_ACTIVITY_
Take the line containing "Some of the words" as the first and the last line of the records below as the end, and please set down only what lies between them exactly, both ends included.

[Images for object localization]

* * * * * * * * *

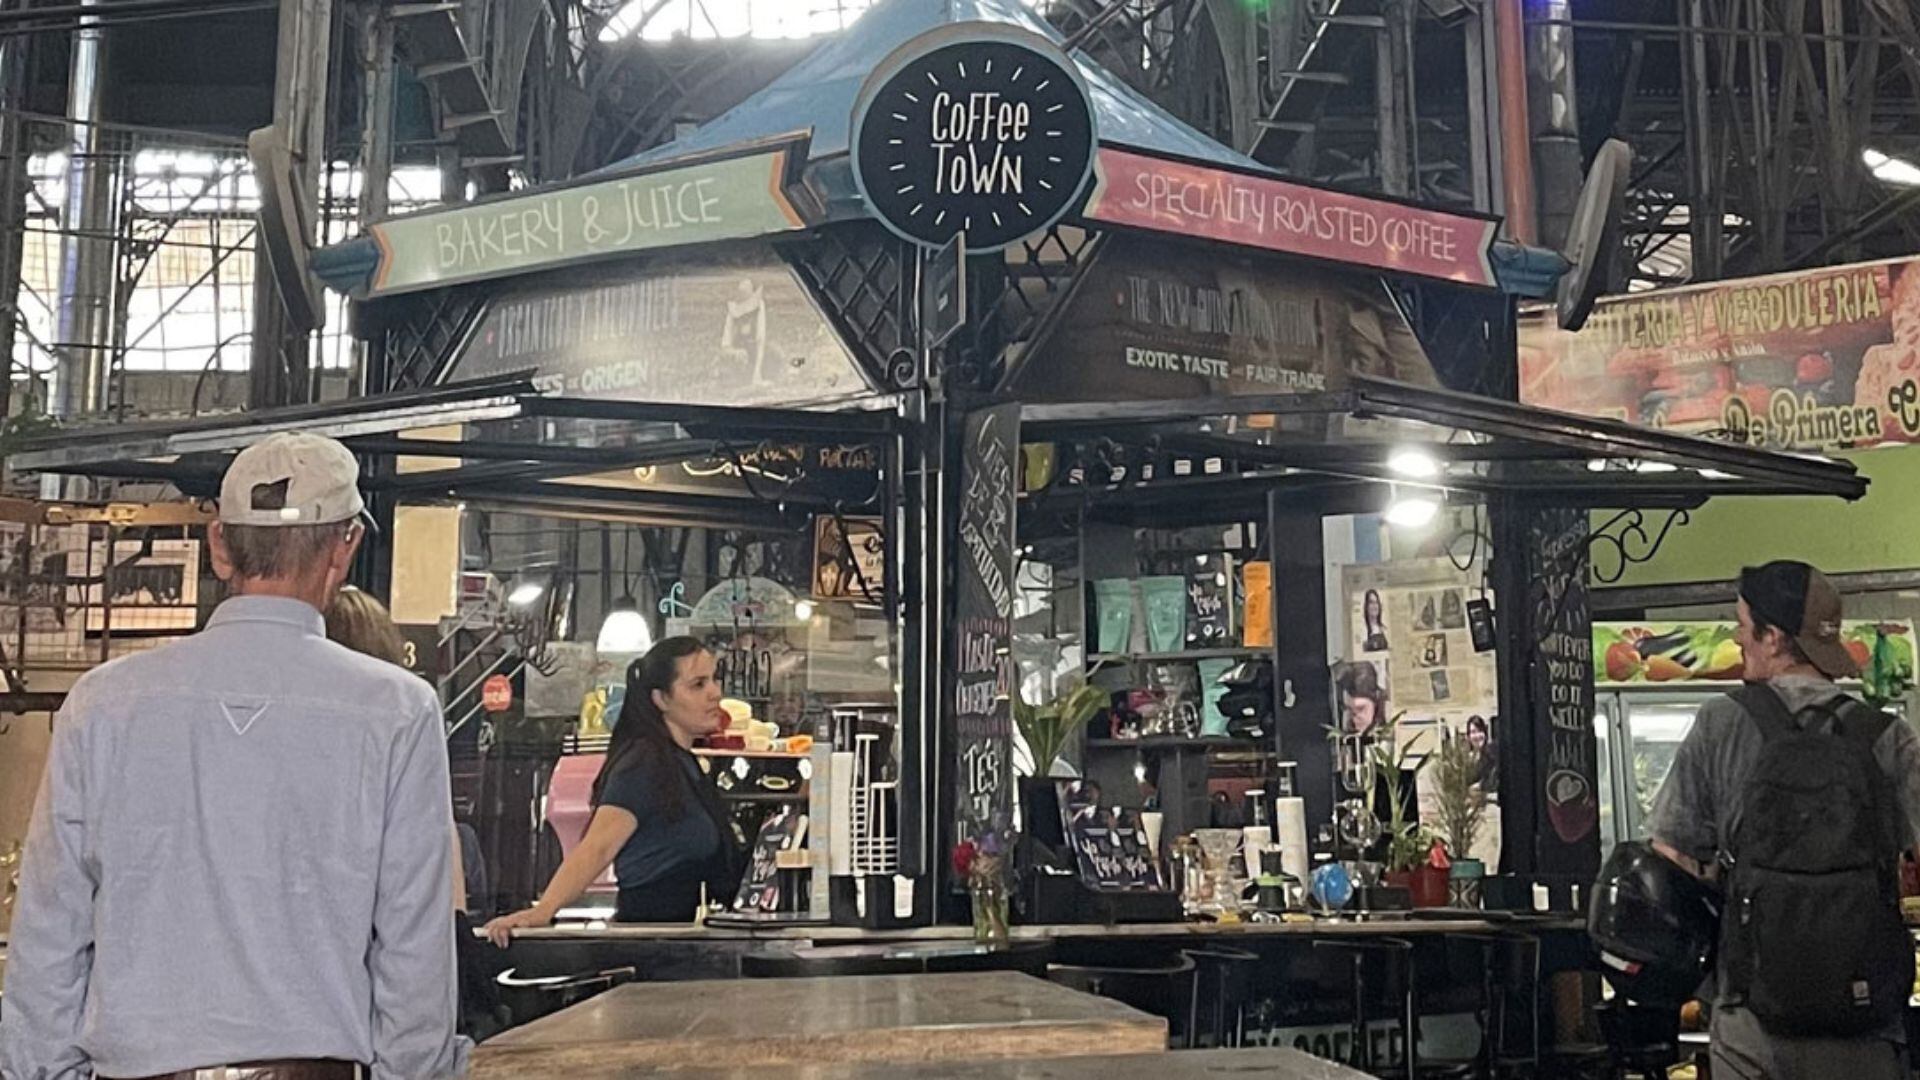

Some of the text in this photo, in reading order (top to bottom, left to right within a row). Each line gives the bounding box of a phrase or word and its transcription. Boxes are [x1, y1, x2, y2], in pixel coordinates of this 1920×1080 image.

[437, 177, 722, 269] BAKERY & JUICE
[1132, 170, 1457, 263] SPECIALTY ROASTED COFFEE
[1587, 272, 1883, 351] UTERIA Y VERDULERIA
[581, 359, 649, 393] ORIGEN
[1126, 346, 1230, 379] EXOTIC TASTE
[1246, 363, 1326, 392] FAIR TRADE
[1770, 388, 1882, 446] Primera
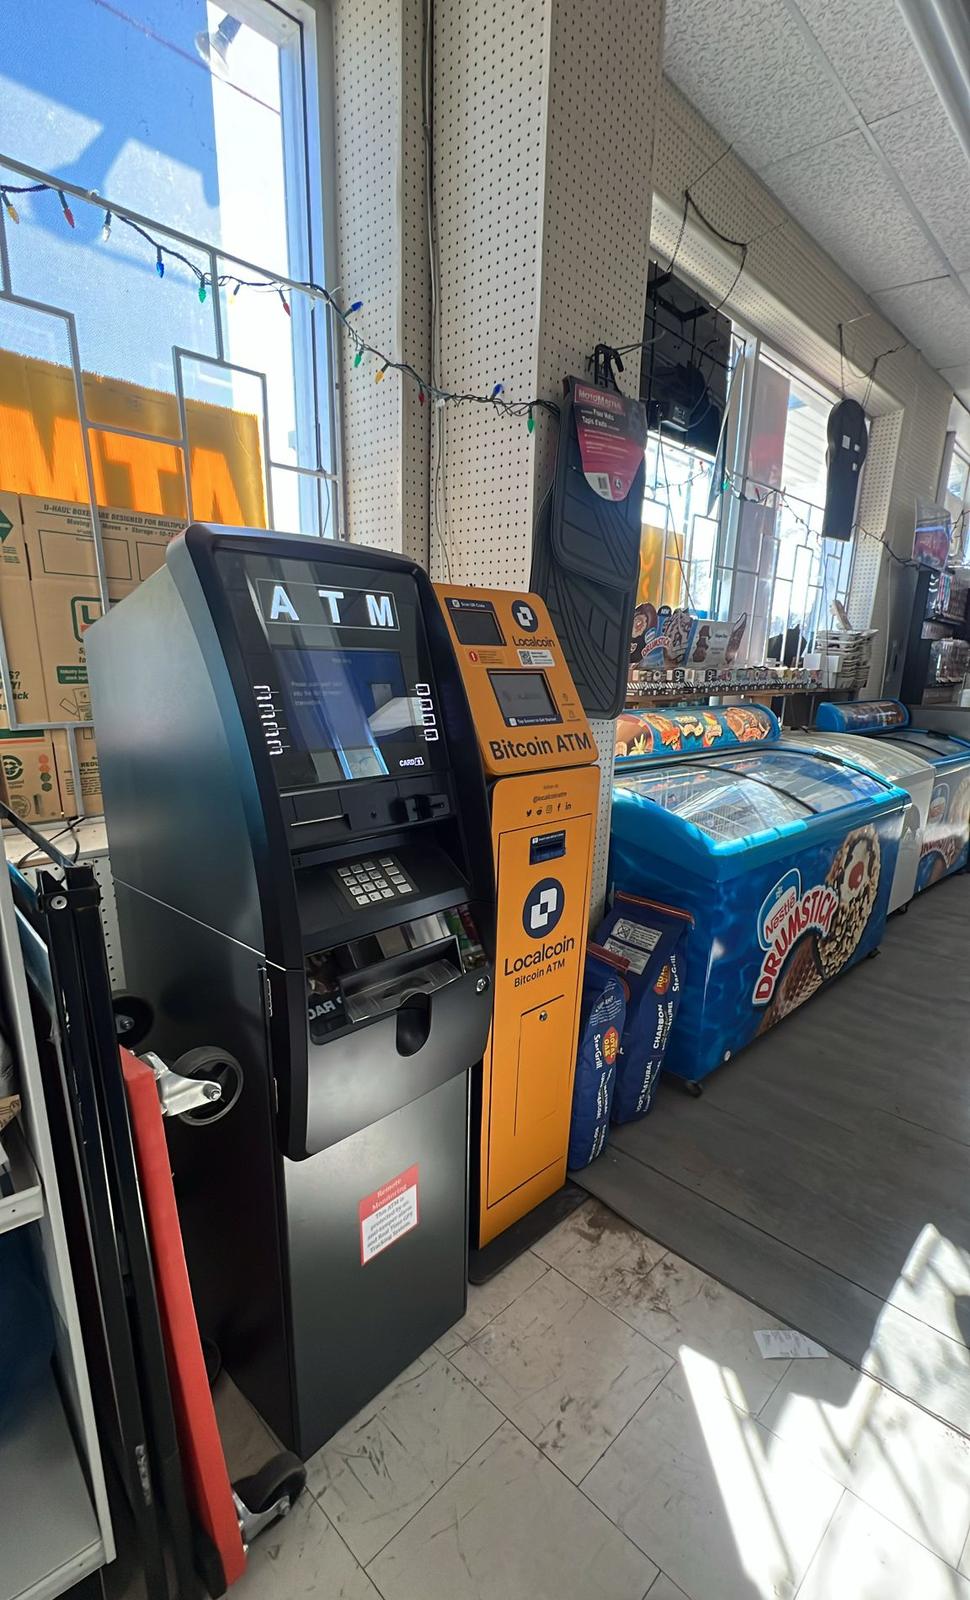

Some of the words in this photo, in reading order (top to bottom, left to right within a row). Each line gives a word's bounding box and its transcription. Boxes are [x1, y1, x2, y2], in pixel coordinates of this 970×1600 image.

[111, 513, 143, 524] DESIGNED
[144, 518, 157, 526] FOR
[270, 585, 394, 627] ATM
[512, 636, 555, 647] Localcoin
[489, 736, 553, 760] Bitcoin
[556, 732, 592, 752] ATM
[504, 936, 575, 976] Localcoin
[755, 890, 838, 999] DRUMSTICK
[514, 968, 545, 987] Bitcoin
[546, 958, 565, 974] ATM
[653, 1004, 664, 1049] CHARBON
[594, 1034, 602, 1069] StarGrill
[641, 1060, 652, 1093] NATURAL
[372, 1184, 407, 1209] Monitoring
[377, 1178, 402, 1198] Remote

* * * * * * * * *

_ANSWER BOX_
Some of the words in this photo, in reading order (top to bottom, left to right within a row). Each line gives a word's bounding box and its transcription. Boxes are [x1, y1, x2, y2], in pixel coordinates of this 970×1600 image.

[111, 513, 143, 524] DESIGNED
[144, 518, 157, 526] FOR
[270, 585, 394, 627] ATM
[512, 636, 555, 647] Localcoin
[489, 736, 553, 760] Bitcoin
[556, 732, 592, 752] ATM
[504, 936, 575, 976] Localcoin
[755, 890, 838, 999] DRUMSTICK
[514, 968, 545, 987] Bitcoin
[546, 958, 565, 974] ATM
[653, 1004, 664, 1049] CHARBON
[594, 1034, 602, 1069] StarGrill
[641, 1060, 652, 1093] NATURAL
[372, 1184, 407, 1209] Monitoring
[377, 1178, 402, 1198] Remote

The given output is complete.